(Collected data)
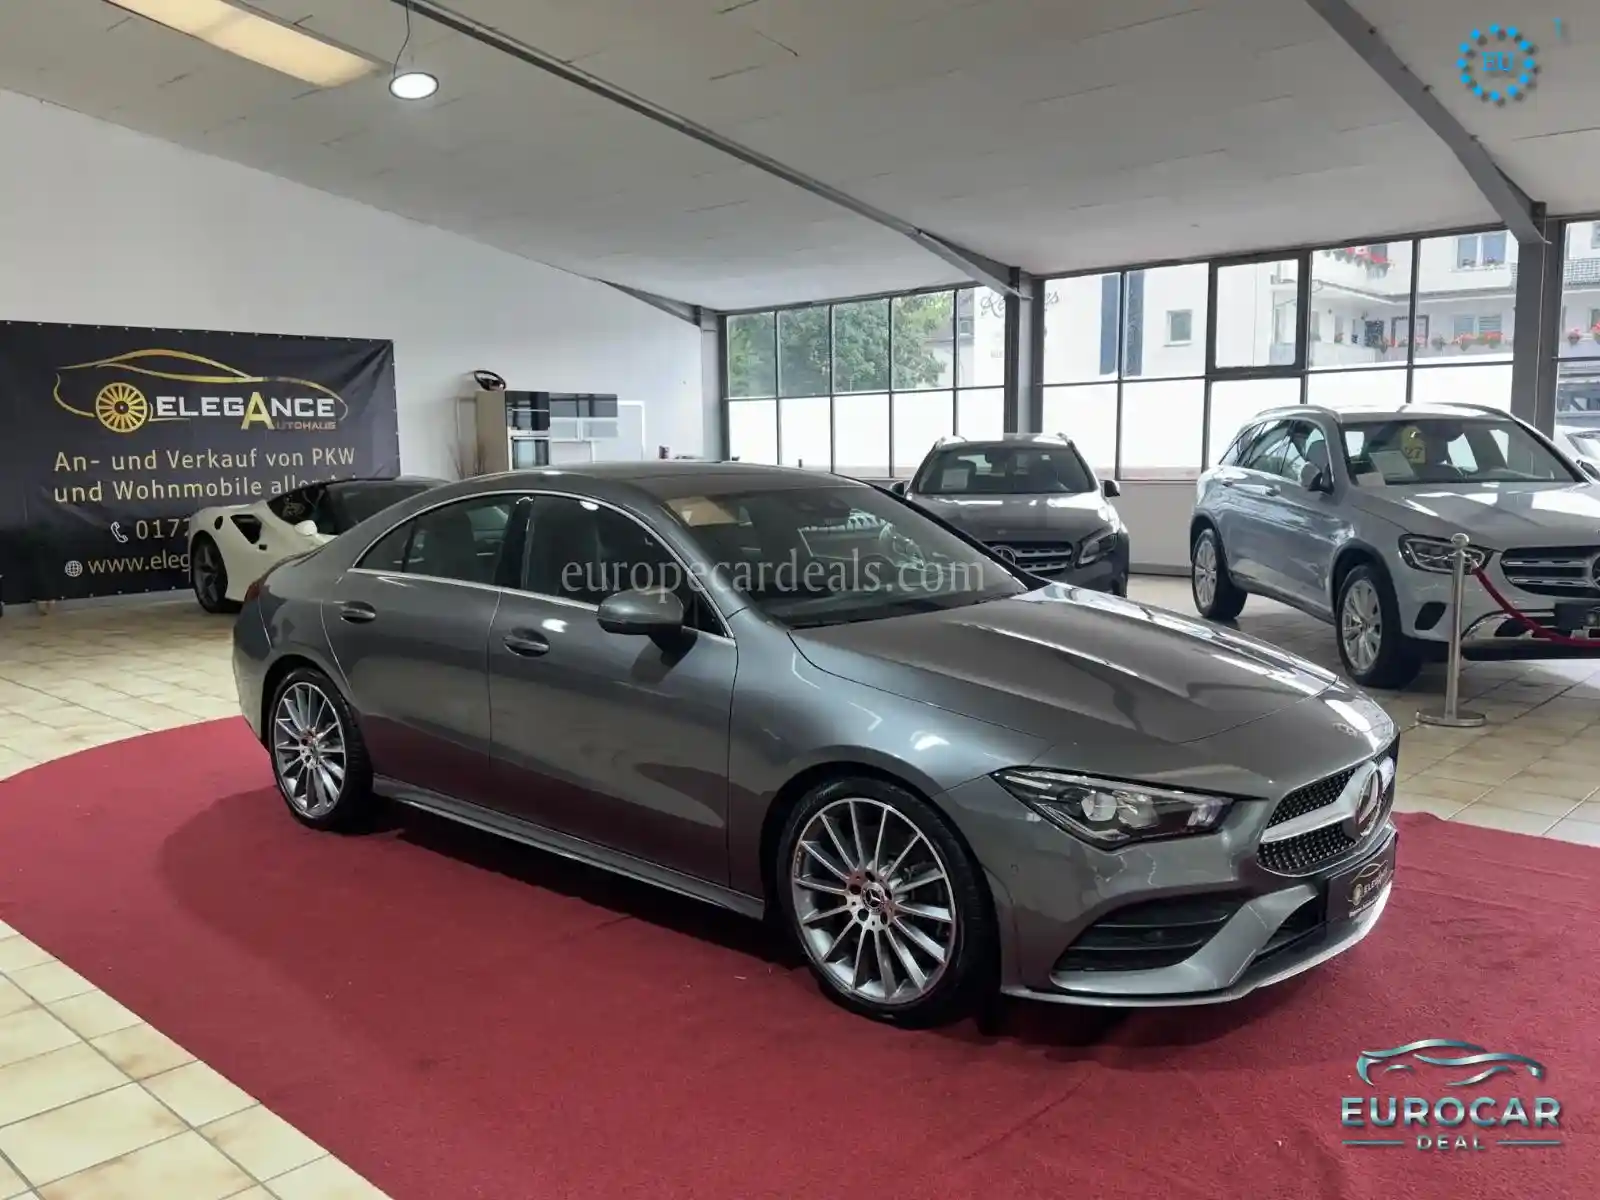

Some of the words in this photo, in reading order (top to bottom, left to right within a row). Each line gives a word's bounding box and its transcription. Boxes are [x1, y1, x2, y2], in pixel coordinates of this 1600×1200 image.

[155, 391, 336, 430] ELEGANCE
[54, 451, 100, 472] An-
[112, 450, 157, 471] und
[166, 448, 257, 470] Verkauf
[265, 452, 304, 468] von
[312, 447, 356, 466] PKW
[54, 480, 103, 503] und
[112, 476, 263, 500] Wohnmobile
[271, 474, 320, 494] all

[Problem statement]
What is needed is an exact copy of all the data, with no images in it.

[Worked solution]
Some of the words in this photo, in reading order (top to bottom, left to right within a row). Each line gives a word's bounding box and its transcription. Boxes are [x1, y1, x2, y2], in pixel coordinates of this 1600×1200 image.

[155, 391, 336, 430] ELEGANCE
[54, 451, 100, 472] An-
[112, 450, 157, 471] und
[166, 448, 257, 470] Verkauf
[265, 452, 304, 468] von
[312, 447, 356, 466] PKW
[54, 480, 103, 503] und
[112, 476, 263, 500] Wohnmobile
[271, 474, 320, 494] all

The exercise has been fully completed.